- We are jumping back a little to catch up with Lourdes Puente, still living in Brooklyn.
- She is now an auxiliary policewoman and really likes the position of authority. She only lacks the gun to go with her attitude.
- The relationship with Pilar is still strained. We learn that Lourdes can't effectively discipline Pilar because she has nothing to lose and that Pilar finds her mother's ethics distasteful.
- Perhaps because Pilar is such a handful, Lourdes idealizes the son that she lost to miscarriage. He would have been a true companion to her, she thinks.
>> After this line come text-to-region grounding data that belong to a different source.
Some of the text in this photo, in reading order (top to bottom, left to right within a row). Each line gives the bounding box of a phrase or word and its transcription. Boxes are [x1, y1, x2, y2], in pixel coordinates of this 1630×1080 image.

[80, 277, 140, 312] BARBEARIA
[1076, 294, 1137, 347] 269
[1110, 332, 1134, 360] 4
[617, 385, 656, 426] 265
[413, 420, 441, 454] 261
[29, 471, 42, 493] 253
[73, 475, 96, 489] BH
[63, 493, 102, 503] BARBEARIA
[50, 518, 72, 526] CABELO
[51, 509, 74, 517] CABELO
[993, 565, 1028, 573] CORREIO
- Lourdes reflects on the differences between herself and the other members of her family who came to America.
- She feels part of her new country and has broken with the stereotypical behavior of the women of her family. Her husband and his family, however, have not adapted.
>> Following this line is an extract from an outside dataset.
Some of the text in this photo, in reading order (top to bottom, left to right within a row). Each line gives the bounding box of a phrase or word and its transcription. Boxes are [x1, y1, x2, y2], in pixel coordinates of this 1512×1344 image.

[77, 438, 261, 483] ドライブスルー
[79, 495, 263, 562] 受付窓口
- Even before she left Cuba, she refused to be an indolent woman who watched soap operas all day. She became involved in the ranch and in setting up her house, despite resistance.
- Her marriage to Rufino has declined—he no longer speaks to her. She gets updates about him from Pilar.
- Lourdes really only has her father, Jorge, to communicate with, even though he's dead. She feels that they share the same wavelength on all things.
- Pilar continues to antagonize Lourdes as her primary form of communication. She gives her mother a book of propaganda about the Cuban Revolution for Christmas.
- Lourdes doesn't react well, but Pilar takes it in stride.
- Back on her beat, Lourdes sees a figure crouching by the river in the darkness. She calls for the person to stop, but he jumps into the river.
- Lourdes loses her composure and jumps in after him.
- We learn that Lourdes survives the jump, but the boy—the son of Lourdes' thieving employee-for-a-day—dies.
Pilar (1976)
- Pilar is growing up, but keeps much of her early style. She now has a boyfriend named Max who plays random instruments in a band.
- Max is not put off by Lourdes (who doesn't like him) and seems willing to do anything for Pilar (like travel to a restricted Cuba to find her grandmother).
- Pilar talks about her attraction to the energetic, violent music of the day—Lou Reed, Iggy Pop, The Ramones—and how she wants to translate that into her artwork.
- Tension has grown among Pilar, Lourdes and Rufino. Although Papi used to be her ally, things changed for Pilar after she saw him with the sexy blonde.
- Pilar also knows about Lourdes' posthumous communications with her Abuelo Jorge. Lourdes tells Pilar that her grandfather's spirit spies on her. She doesn't appreciate this.
- We learn that Lourdes has become completely "integrated": she makes Jell-O molds and classic American fare whenever possible, totally giving up on any outward sign of ethnicity.
- Pilar has also lost her interest in Cuba, for the most part. She occasionally feels urges to make her way back, but it's not intense.
- Rufino has not adapted and Pilar notes that he seems lost. He hides away in his workshop.
- The real high point of Pilar's narrative happens when her mother commissions her to create a new painting for their second bakery, in honor of the Bicentennial celebrations.
- She gives Pilar total creative control of the subject matter and style. This is a mistake.
- Pilar's sense of art jibes with her sense of rebellion, anarchy and ideals. She's into the abstract, and that's not something Mami understands.
- Pilar decides to create a punk Statue of Liberty for her painting and keeps it veiled from her mother until the day of the public unveiling.
- Lourdes has advertised a daylong celebration at the bakery to mark the Bicentennial—and the unveiling of the painting is meant to be the culmination of the festivities.
- Pilar knows this and sweats it out until the moment the disrespectful work is revealed.
- Lourdes' patrons do not appreciate the work. One man lunges toward the canvas with a knife. Lourdes tackles him and causes massive destruction to her baked goods.
- Pilar feels love for her mother and her heroic actions to save the painting.